Cerca de 2.000 pessoas, entre elas membros das forças de segurança, perderam a vida em protestos no Irã, conforme divulgou uma autoridade local nesta terça-feira. Este é o primeiro reconhecimento oficial de tal magnitude em meio a uma repressão violenta que perdura há duas semanas. As autoridades afirmam que ‘terroristas’ estariam por trás das mortes, embora não tenham detalhado quem seriam os envolvidos.
A agitação popular no Irã é impulsionada por condições econômicas severas e representa um dos maiores desafios para o governo desde a Revolução Islâmica de 1979. As autoridades tentam balancear a legitimação dos protestos, que refletem descontentamento econômico, com uma repressão severa.
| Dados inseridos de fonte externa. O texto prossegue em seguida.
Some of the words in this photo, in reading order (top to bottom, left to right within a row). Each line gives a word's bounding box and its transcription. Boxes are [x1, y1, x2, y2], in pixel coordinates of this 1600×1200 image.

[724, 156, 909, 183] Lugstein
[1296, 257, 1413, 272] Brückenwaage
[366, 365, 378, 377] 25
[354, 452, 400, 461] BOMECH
Além disso, acusam potências estrangeiras, como os EUA e Israel, de incitar os conflitos, atribuindo a eles o rótulo de ‘terroristas’.
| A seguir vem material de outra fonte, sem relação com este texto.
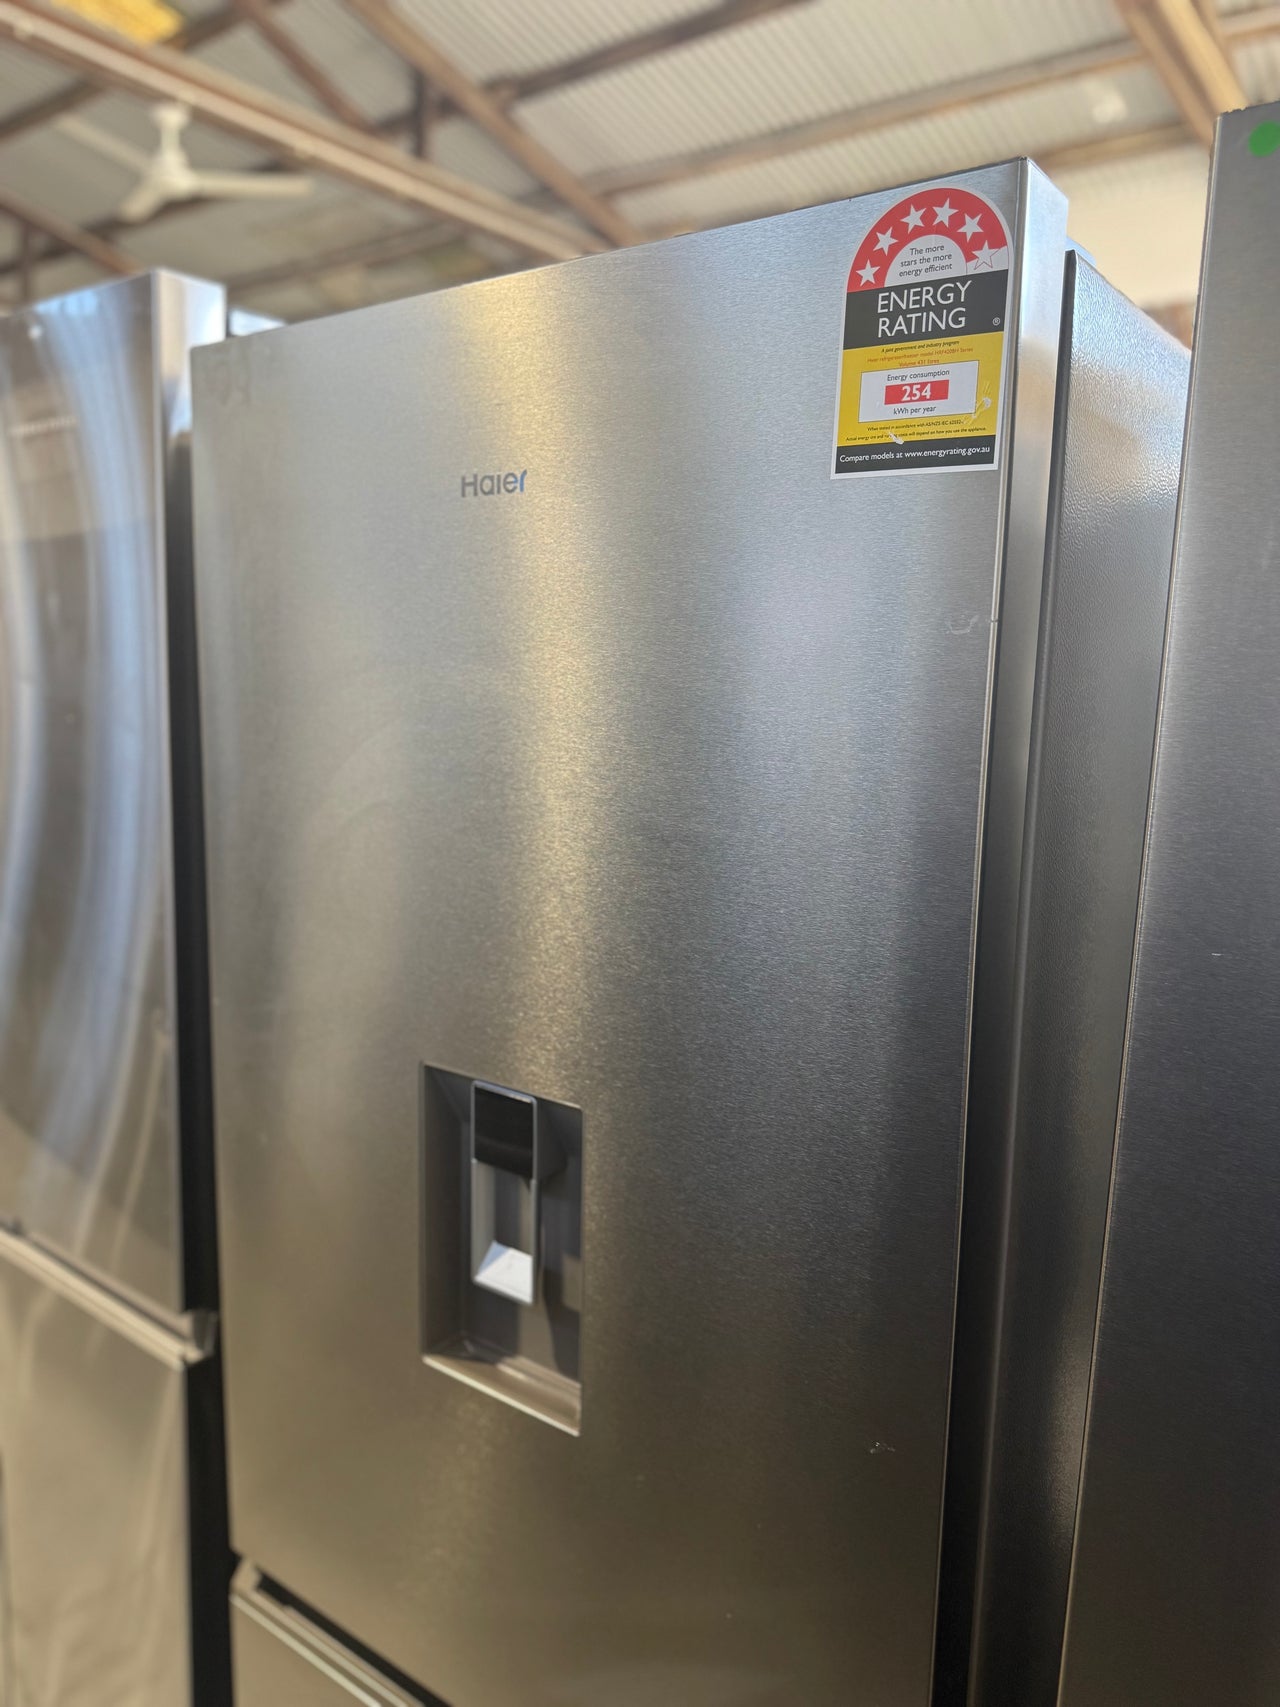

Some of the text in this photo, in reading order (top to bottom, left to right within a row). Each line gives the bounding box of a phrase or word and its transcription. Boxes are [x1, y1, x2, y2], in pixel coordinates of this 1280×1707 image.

[909, 244, 945, 256] The more
[900, 253, 952, 267] stars the more
[899, 263, 952, 277] energy efficient
[877, 280, 972, 313] ENERGY
[878, 307, 966, 338] RATING
[909, 369, 950, 380] consumption
[901, 383, 931, 401] 254
[893, 406, 936, 415] kWh per year
[839, 454, 870, 463] Compare
[870, 451, 895, 460] models
[904, 447, 991, 458] www.energyrating.gov.au
[461, 469, 528, 498] Haier
Organizações de direitos humanos já relataram centenas de mortes e milhares de detenções, enquanto as restrições à comunicação, incluindo apagões na internet, dificultam o fluxo de informações. A situação gera preocupações sobre a escalada da violência e a capacidade do governo em lidar com a crescente insatisfação popular, levantando questões sobre o futuro político do país.